(Dataset entries)
- - - - -

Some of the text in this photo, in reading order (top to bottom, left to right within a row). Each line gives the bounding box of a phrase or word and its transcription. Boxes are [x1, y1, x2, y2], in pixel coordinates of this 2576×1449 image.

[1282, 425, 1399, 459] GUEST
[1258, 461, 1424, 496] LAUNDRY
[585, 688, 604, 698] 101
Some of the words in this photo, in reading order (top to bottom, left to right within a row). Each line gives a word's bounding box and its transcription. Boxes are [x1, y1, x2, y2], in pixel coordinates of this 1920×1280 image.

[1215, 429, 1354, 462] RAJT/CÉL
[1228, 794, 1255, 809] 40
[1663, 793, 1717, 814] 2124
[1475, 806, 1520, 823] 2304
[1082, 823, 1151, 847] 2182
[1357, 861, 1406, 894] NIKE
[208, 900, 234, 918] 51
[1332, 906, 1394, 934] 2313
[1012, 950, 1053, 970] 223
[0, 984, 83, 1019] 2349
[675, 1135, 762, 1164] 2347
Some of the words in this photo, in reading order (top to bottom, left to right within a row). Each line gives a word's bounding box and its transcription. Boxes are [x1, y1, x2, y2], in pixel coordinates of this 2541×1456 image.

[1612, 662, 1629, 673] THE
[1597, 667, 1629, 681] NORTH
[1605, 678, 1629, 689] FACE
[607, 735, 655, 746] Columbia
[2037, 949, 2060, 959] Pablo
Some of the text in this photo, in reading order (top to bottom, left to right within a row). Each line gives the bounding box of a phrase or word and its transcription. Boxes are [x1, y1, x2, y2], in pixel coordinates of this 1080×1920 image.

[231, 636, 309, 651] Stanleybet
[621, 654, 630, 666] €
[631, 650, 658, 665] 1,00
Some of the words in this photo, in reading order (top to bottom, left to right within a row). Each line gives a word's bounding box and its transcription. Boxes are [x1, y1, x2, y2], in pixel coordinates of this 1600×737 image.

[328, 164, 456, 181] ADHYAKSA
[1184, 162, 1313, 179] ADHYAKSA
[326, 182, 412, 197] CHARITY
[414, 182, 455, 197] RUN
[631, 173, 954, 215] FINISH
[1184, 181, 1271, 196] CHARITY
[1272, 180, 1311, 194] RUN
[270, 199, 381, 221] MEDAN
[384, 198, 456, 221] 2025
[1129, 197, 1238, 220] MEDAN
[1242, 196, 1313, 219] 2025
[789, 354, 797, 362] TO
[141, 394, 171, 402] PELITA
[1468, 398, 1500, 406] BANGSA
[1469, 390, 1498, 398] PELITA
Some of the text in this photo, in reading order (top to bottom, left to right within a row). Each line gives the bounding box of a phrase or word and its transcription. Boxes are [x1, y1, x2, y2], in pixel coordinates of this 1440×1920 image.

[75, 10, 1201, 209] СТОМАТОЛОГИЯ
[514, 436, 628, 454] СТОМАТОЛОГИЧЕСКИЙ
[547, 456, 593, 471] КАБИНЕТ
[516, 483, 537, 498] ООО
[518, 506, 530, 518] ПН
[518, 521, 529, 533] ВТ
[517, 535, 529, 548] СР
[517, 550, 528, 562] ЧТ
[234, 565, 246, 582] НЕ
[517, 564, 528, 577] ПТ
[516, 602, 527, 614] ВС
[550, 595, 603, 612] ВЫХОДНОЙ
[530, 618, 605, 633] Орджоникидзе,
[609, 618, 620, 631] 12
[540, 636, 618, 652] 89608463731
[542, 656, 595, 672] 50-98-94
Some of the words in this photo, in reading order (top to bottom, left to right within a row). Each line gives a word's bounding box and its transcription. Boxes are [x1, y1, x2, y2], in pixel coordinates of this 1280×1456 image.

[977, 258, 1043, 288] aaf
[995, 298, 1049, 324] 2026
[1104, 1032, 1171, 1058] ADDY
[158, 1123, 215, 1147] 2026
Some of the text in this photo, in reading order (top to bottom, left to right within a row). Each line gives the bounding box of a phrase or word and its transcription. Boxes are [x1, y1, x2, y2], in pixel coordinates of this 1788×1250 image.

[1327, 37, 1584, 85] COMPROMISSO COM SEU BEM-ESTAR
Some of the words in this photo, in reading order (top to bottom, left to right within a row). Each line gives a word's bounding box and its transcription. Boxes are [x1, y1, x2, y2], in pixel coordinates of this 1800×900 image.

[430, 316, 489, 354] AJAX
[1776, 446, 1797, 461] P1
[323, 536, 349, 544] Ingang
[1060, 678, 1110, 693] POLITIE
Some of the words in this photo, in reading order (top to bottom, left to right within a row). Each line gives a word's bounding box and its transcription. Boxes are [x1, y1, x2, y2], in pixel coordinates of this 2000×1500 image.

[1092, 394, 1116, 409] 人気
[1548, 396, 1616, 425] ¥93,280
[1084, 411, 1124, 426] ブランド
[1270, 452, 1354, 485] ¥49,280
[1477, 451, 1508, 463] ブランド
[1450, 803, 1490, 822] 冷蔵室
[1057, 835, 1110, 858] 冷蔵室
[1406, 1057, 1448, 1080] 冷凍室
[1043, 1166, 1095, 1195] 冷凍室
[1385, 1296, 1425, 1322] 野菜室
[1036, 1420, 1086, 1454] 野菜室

- - - - -

» **TRY IT**
Set down the preceding data verbatim. Every line belongs in the copy.

» **TASK OUTPUT**
Some of the text in this photo, in reading order (top to bottom, left to right within a row). Each line gives the bounding box of a phrase or word and its transcription. Boxes are [x1, y1, x2, y2], in pixel coordinates of this 2576×1449 image.

[1282, 425, 1399, 459] GUEST
[1258, 461, 1424, 496] LAUNDRY
[585, 688, 604, 698] 101
Some of the words in this photo, in reading order (top to bottom, left to right within a row). Each line gives a word's bounding box and its transcription. Boxes are [x1, y1, x2, y2], in pixel coordinates of this 1920×1280 image.

[1215, 429, 1354, 462] RAJT/CÉL
[1228, 794, 1255, 809] 40
[1663, 793, 1717, 814] 2124
[1475, 806, 1520, 823] 2304
[1082, 823, 1151, 847] 2182
[1357, 861, 1406, 894] NIKE
[208, 900, 234, 918] 51
[1332, 906, 1394, 934] 2313
[1012, 950, 1053, 970] 223
[0, 984, 83, 1019] 2349
[675, 1135, 762, 1164] 2347
Some of the words in this photo, in reading order (top to bottom, left to right within a row). Each line gives a word's bounding box and its transcription. Boxes are [x1, y1, x2, y2], in pixel coordinates of this 2541×1456 image.

[1612, 662, 1629, 673] THE
[1597, 667, 1629, 681] NORTH
[1605, 678, 1629, 689] FACE
[607, 735, 655, 746] Columbia
[2037, 949, 2060, 959] Pablo
Some of the text in this photo, in reading order (top to bottom, left to right within a row). Each line gives the bounding box of a phrase or word and its transcription. Boxes are [x1, y1, x2, y2], in pixel coordinates of this 1080×1920 image.

[231, 636, 309, 651] Stanleybet
[621, 654, 630, 666] €
[631, 650, 658, 665] 1,00
Some of the words in this photo, in reading order (top to bottom, left to right within a row). Each line gives a word's bounding box and its transcription. Boxes are [x1, y1, x2, y2], in pixel coordinates of this 1600×737 image.

[328, 164, 456, 181] ADHYAKSA
[1184, 162, 1313, 179] ADHYAKSA
[326, 182, 412, 197] CHARITY
[414, 182, 455, 197] RUN
[631, 173, 954, 215] FINISH
[1184, 181, 1271, 196] CHARITY
[1272, 180, 1311, 194] RUN
[270, 199, 381, 221] MEDAN
[384, 198, 456, 221] 2025
[1129, 197, 1238, 220] MEDAN
[1242, 196, 1313, 219] 2025
[789, 354, 797, 362] TO
[141, 394, 171, 402] PELITA
[1468, 398, 1500, 406] BANGSA
[1469, 390, 1498, 398] PELITA
Some of the text in this photo, in reading order (top to bottom, left to right within a row). Each line gives the bounding box of a phrase or word and its transcription. Boxes are [x1, y1, x2, y2], in pixel coordinates of this 1440×1920 image.

[75, 10, 1201, 209] СТОМАТОЛОГИЯ
[514, 436, 628, 454] СТОМАТОЛОГИЧЕСКИЙ
[547, 456, 593, 471] КАБИНЕТ
[516, 483, 537, 498] ООО
[518, 506, 530, 518] ПН
[518, 521, 529, 533] ВТ
[517, 535, 529, 548] СР
[517, 550, 528, 562] ЧТ
[234, 565, 246, 582] НЕ
[517, 564, 528, 577] ПТ
[516, 602, 527, 614] ВС
[550, 595, 603, 612] ВЫХОДНОЙ
[530, 618, 605, 633] Орджоникидзе,
[609, 618, 620, 631] 12
[540, 636, 618, 652] 89608463731
[542, 656, 595, 672] 50-98-94
Some of the words in this photo, in reading order (top to bottom, left to right within a row). Each line gives a word's bounding box and its transcription. Boxes are [x1, y1, x2, y2], in pixel coordinates of this 1280×1456 image.

[977, 258, 1043, 288] aaf
[995, 298, 1049, 324] 2026
[1104, 1032, 1171, 1058] ADDY
[158, 1123, 215, 1147] 2026
Some of the text in this photo, in reading order (top to bottom, left to right within a row). Each line gives the bounding box of a phrase or word and its transcription. Boxes are [x1, y1, x2, y2], in pixel coordinates of this 1788×1250 image.

[1327, 37, 1584, 85] COMPROMISSO COM SEU BEM-ESTAR
Some of the words in this photo, in reading order (top to bottom, left to right within a row). Each line gives a word's bounding box and its transcription. Boxes are [x1, y1, x2, y2], in pixel coordinates of this 1800×900 image.

[430, 316, 489, 354] AJAX
[1776, 446, 1797, 461] P1
[323, 536, 349, 544] Ingang
[1060, 678, 1110, 693] POLITIE
Some of the words in this photo, in reading order (top to bottom, left to right within a row). Each line gives a word's bounding box and its transcription. Boxes are [x1, y1, x2, y2], in pixel coordinates of this 2000×1500 image.

[1092, 394, 1116, 409] 人気
[1548, 396, 1616, 425] ¥93,280
[1084, 411, 1124, 426] ブランド
[1270, 452, 1354, 485] ¥49,280
[1477, 451, 1508, 463] ブランド
[1450, 803, 1490, 822] 冷蔵室
[1057, 835, 1110, 858] 冷蔵室
[1406, 1057, 1448, 1080] 冷凍室
[1043, 1166, 1095, 1195] 冷凍室
[1385, 1296, 1425, 1322] 野菜室
[1036, 1420, 1086, 1454] 野菜室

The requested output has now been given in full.